Roxburgh, the cabman, when left by Mr. Mawson and Mr. Bryson, was told to remain a few minutes. After waiting for a time, his horses began to get cold and weary, and he got upon the box and drove them about a little. His attention was thus drawn away from what was going on amongst the others. In a short time, however, the explosion took place. The force of it blew him off his seat on to the horses, and also broke the windows of the cab, though he was at least one hundred yards from the spot. On looking round, he saw clothes and one of the canisters flying in the air. He drove Sub-Inspector Wallace rapidly down into the town, and Wallace gave information of the occurrence to Mr. Joseph Fife and Dr. Heath, who immediately proceeded to the scene of the disaster.

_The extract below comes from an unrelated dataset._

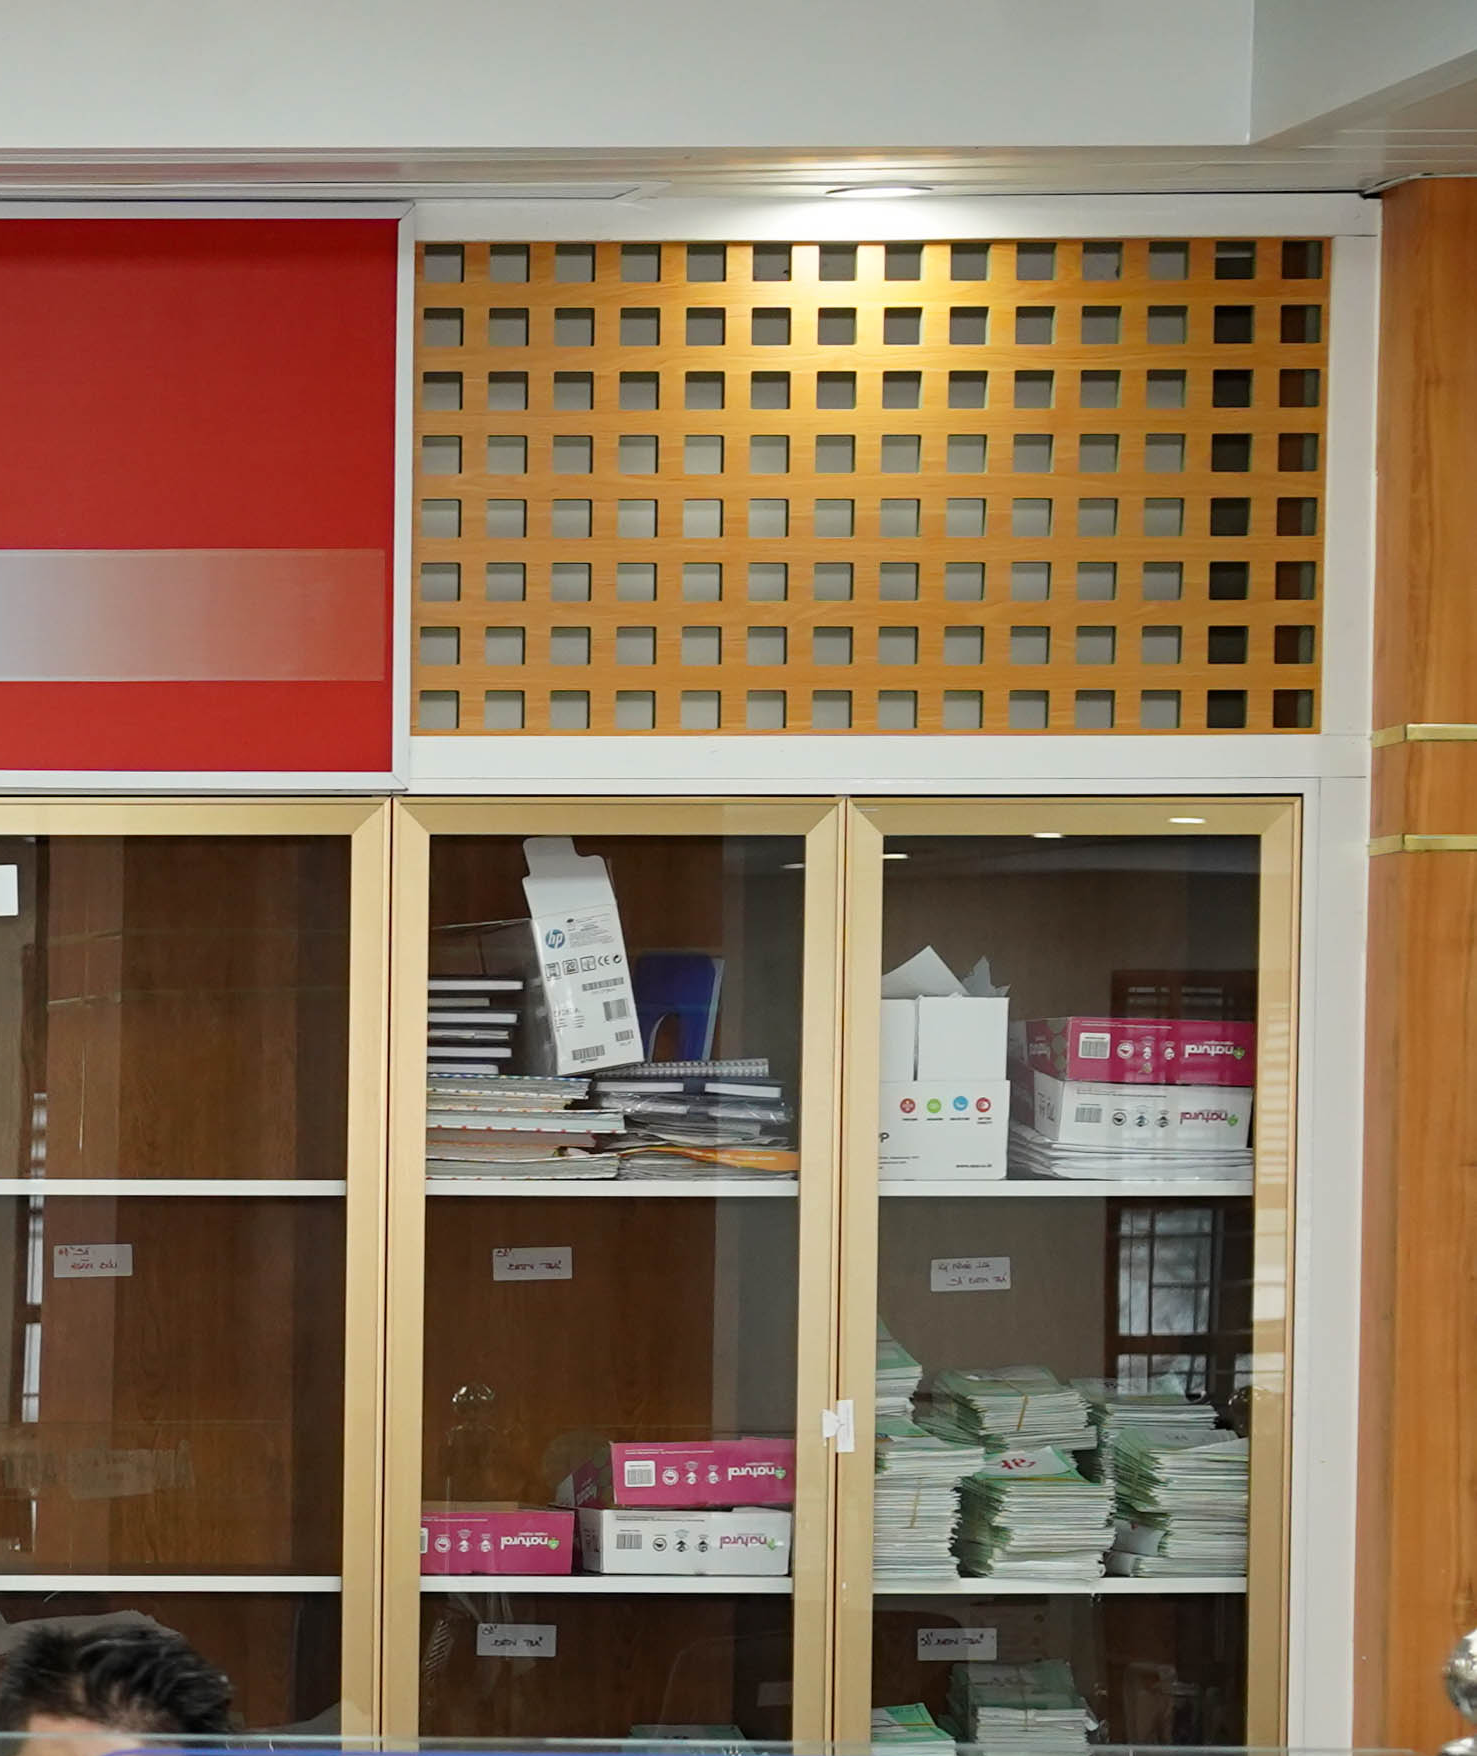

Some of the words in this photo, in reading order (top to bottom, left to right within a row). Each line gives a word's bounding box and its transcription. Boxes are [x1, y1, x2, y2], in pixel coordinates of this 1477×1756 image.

It was singularly fortunate that, at the moment of the catastrophe, Mr. Walpole, one of the resident surgeons at the Infirmary, was walking upon the Moor, at no great distance from where the explosion took place. Dust, stones, fragments of clothing, and other things suddenly surrounded him. Three hundred yards or so from the spot where the proceedings had been going on, he found the foot of a human being - presumably that of poor Bain; and shreds of clothing, human flesh, and other matter lay scattered about. Mr. Walpole hurried forward, and discovered Mr. Bryson - a ghastly spectacle - lying in one of the excavations.
After those about had recovered their senses, it was proposed that, as Mr. Bryson to all appearance was dead, it would be as well to leave him in the adjoining hospital. Mr. Walpole, however, persevered, administered stimulants, and upon his suggestion, the cart which had brought the destructive material to the ground was made a means of conveying those injured to the Infirmary. They were Mr. Bryson, Town Surveyor; Mr. Mawson, the Sheriff of Newcastle; and Samuel Wadley, a boy who had been a spectator. The boy Wadley died about two hours after being admitted into the Infirmary. Mr. Mawson and Mr. Bryson both died the following night.
The jury returned the following verdict:- "That death has been caused by the explosion of nitro-glycerine accidentally; and the jury are unanimously of opinion that the law in reference to the storing of nitro-glycerine has been grossly violated in this case."